• [WORK ITEM]
The line containing "Some of the words" and every line after it through the end of the records: return those exactly, and nothing more.

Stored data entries
##########

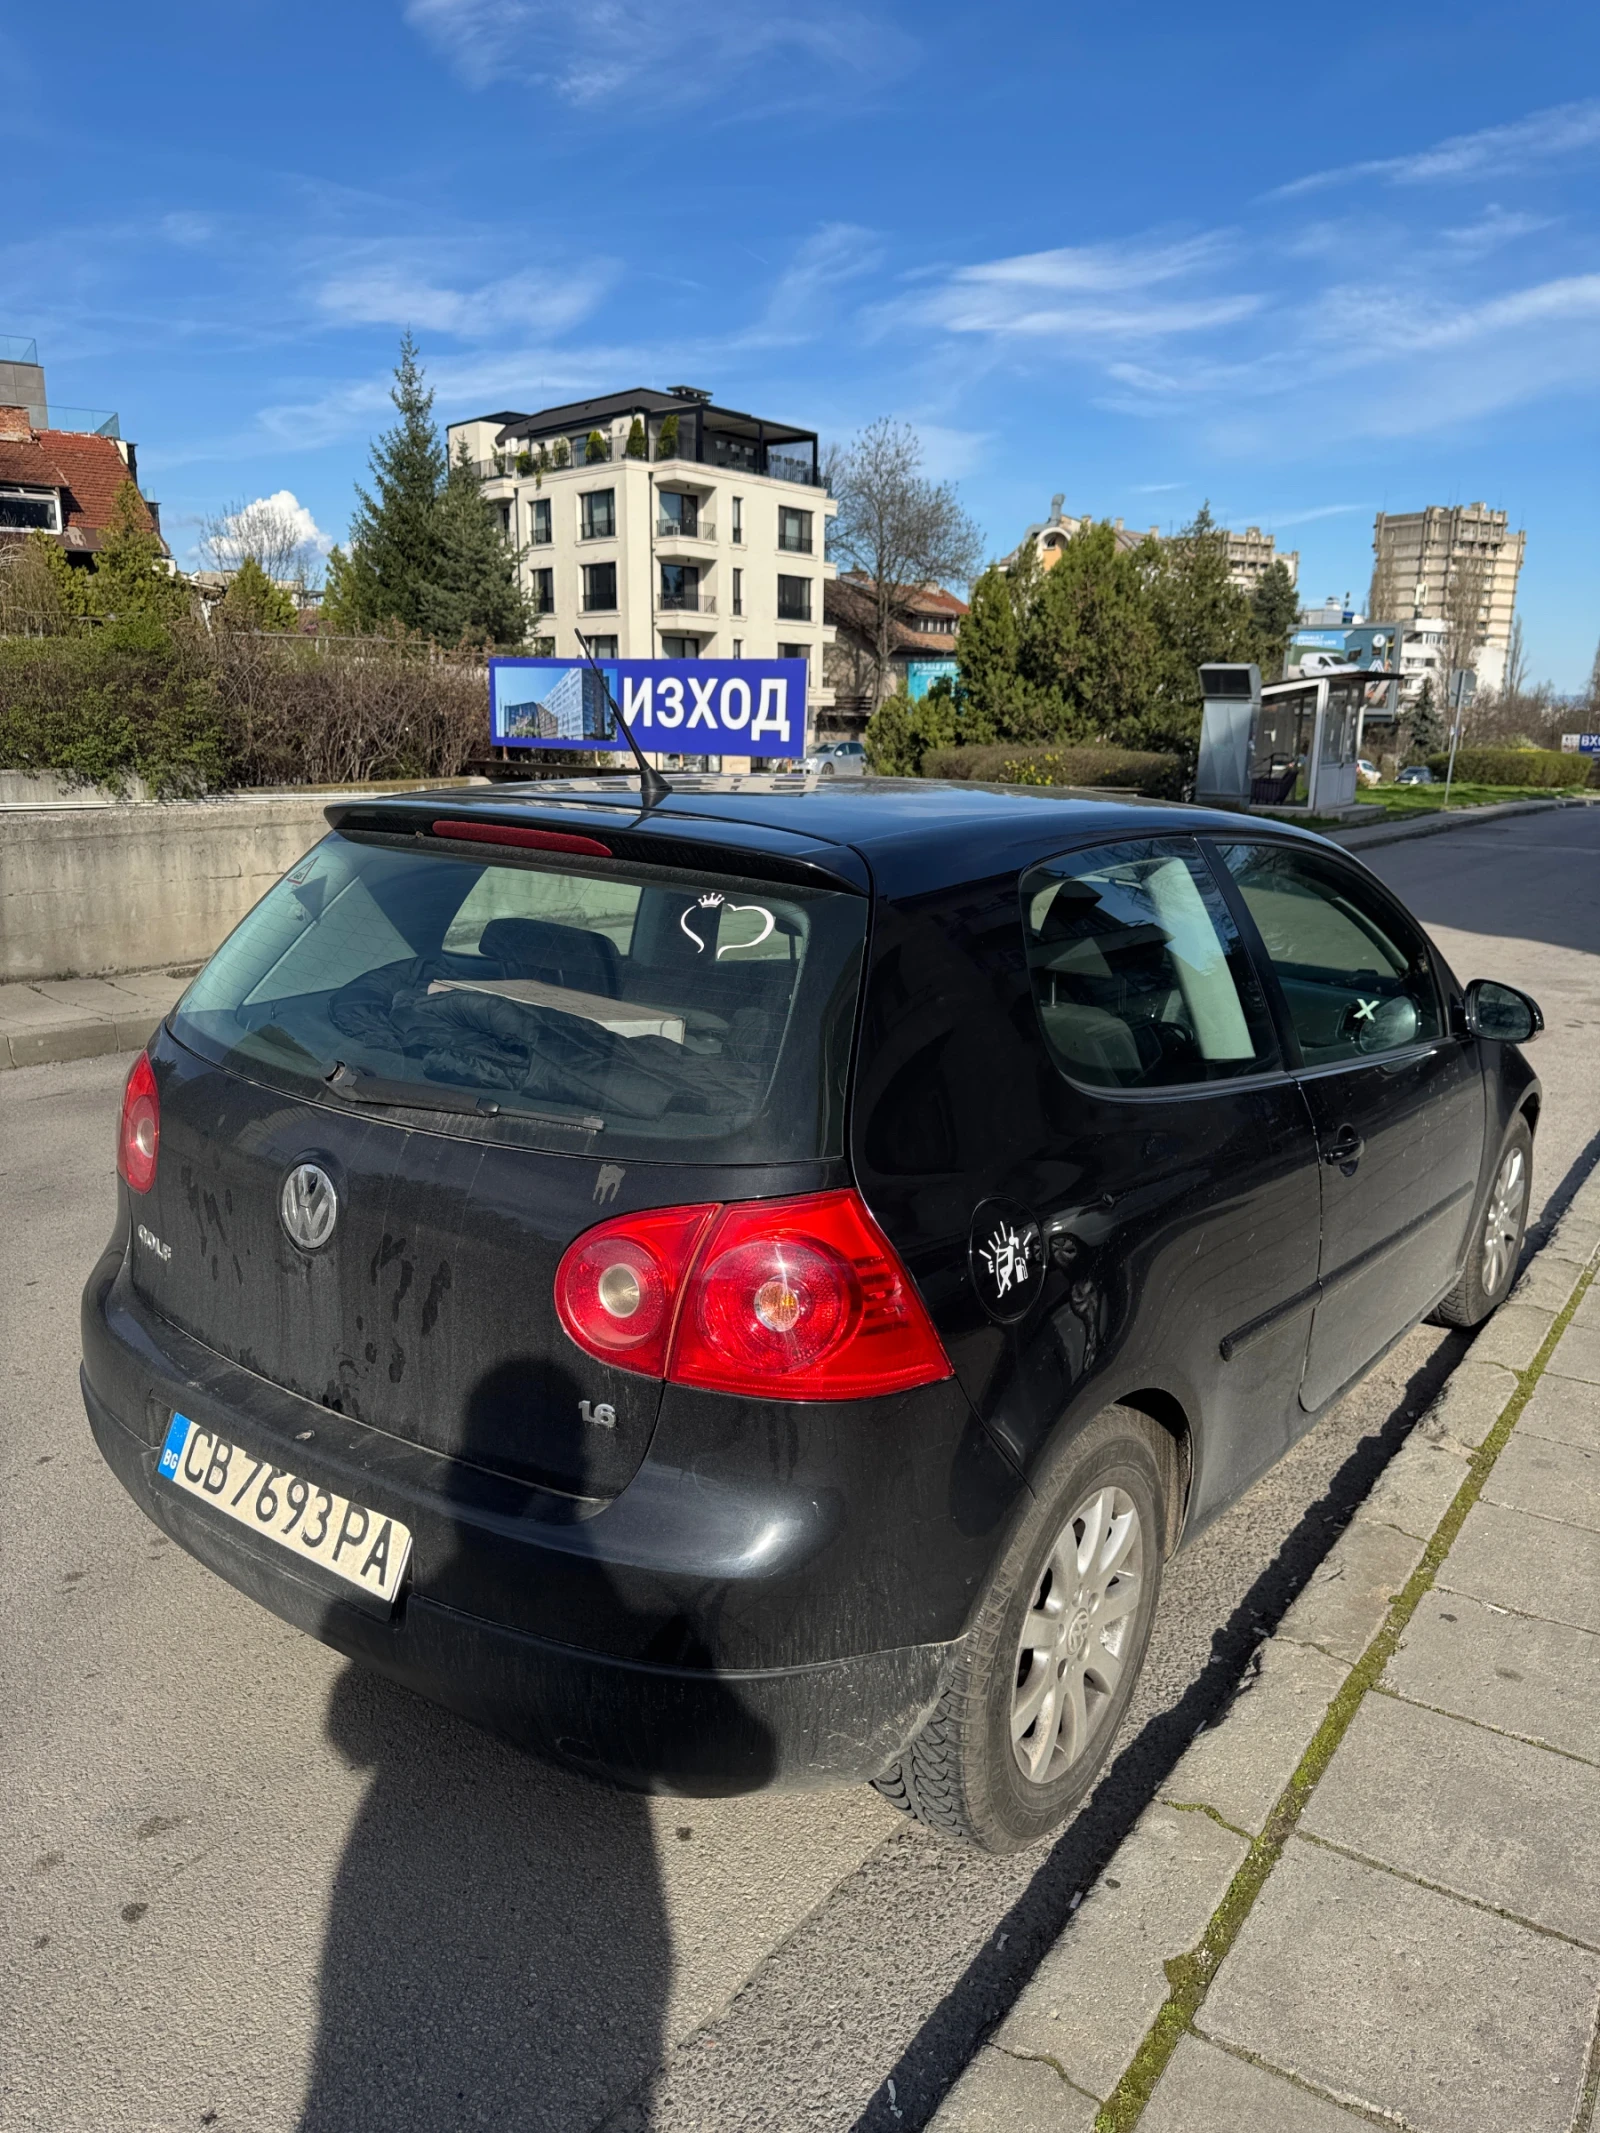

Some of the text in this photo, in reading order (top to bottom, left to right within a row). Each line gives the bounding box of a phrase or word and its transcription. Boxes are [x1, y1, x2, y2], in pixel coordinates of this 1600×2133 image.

[623, 677, 790, 742] ИЗХОД
[1581, 735, 1600, 746] ВХ
[137, 1224, 172, 1262] GOLF
[162, 1448, 179, 1470] BG
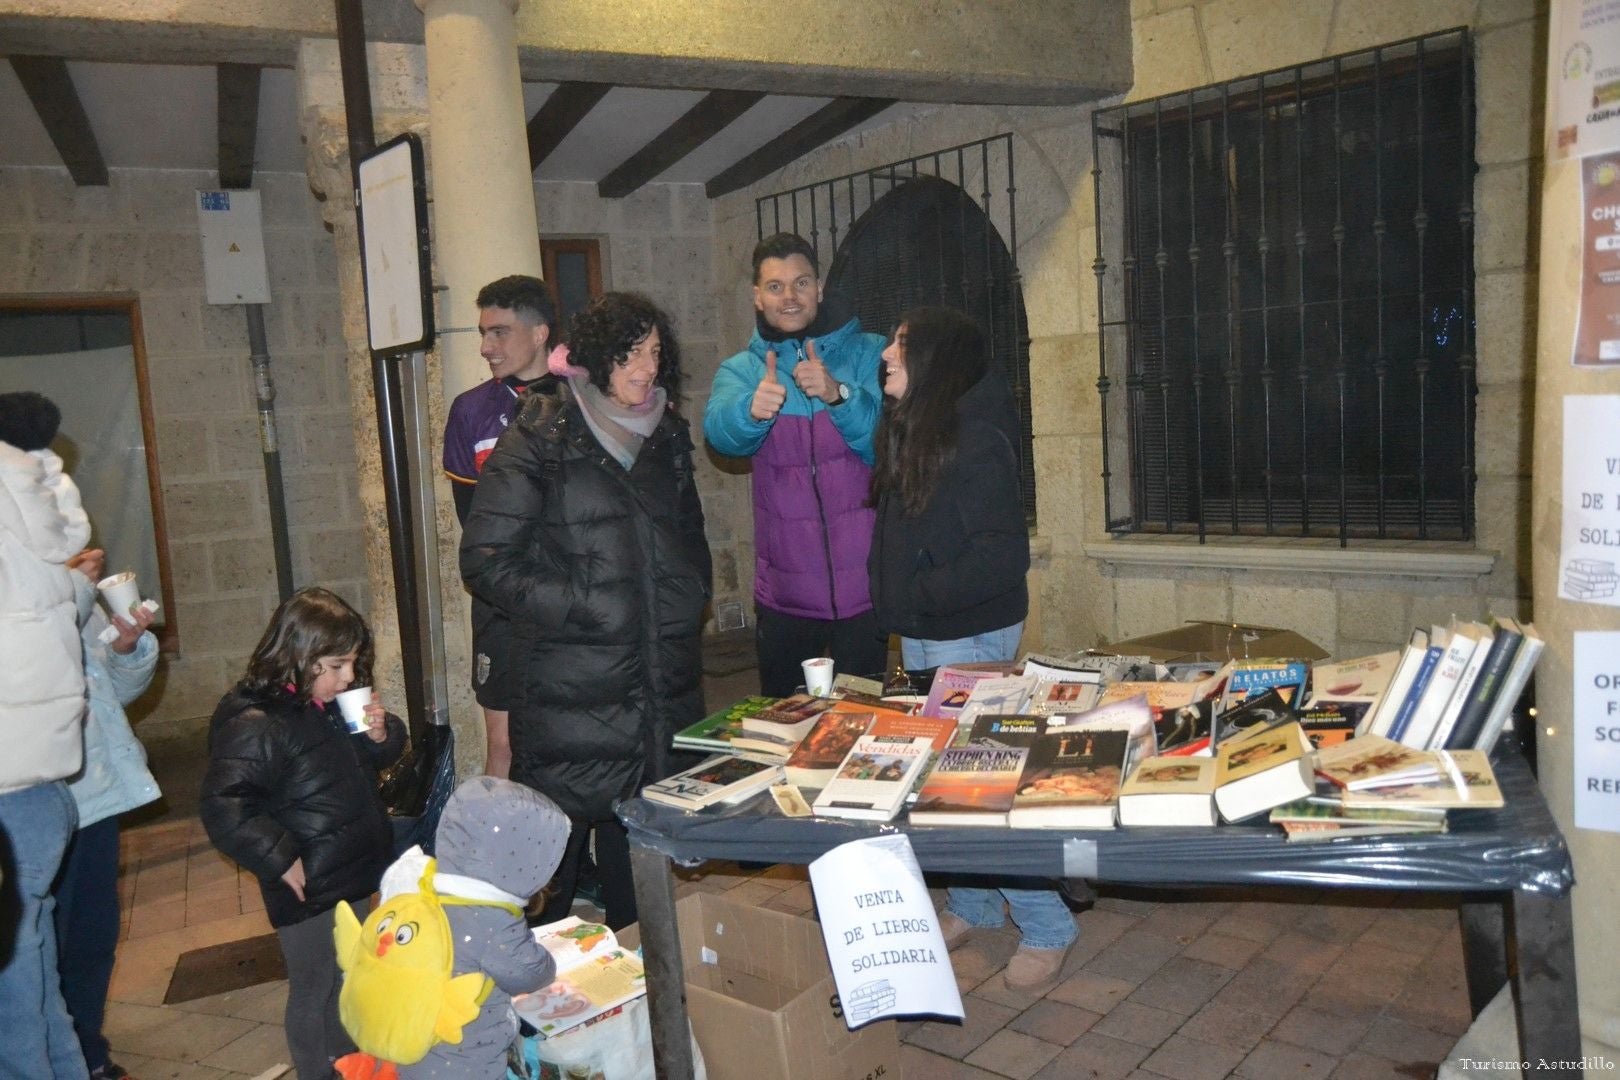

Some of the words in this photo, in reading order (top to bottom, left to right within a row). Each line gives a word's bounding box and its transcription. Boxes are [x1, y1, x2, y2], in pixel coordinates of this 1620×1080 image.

[1605, 458, 1620, 475] V
[1581, 492, 1603, 510] DE
[1234, 668, 1297, 684] RELATOS
[991, 722, 1000, 733] B
[859, 743, 922, 755] Vendidas
[944, 750, 994, 761] STEPHEN
[994, 750, 1022, 760] KING
[854, 889, 904, 909] VENTA
[844, 926, 864, 945] DE
[851, 949, 937, 973] SOLIDARIA

##########

• [RESULT]
Some of the words in this photo, in reading order (top to bottom, left to right within a row). Each line gives a word's bounding box and its transcription. Boxes are [x1, y1, x2, y2], in pixel coordinates of this 1620×1080 image.

[1605, 458, 1620, 475] V
[1581, 492, 1603, 510] DE
[1234, 668, 1297, 684] RELATOS
[991, 722, 1000, 733] B
[859, 743, 922, 755] Vendidas
[944, 750, 994, 761] STEPHEN
[994, 750, 1022, 760] KING
[854, 889, 904, 909] VENTA
[844, 926, 864, 945] DE
[851, 949, 937, 973] SOLIDARIA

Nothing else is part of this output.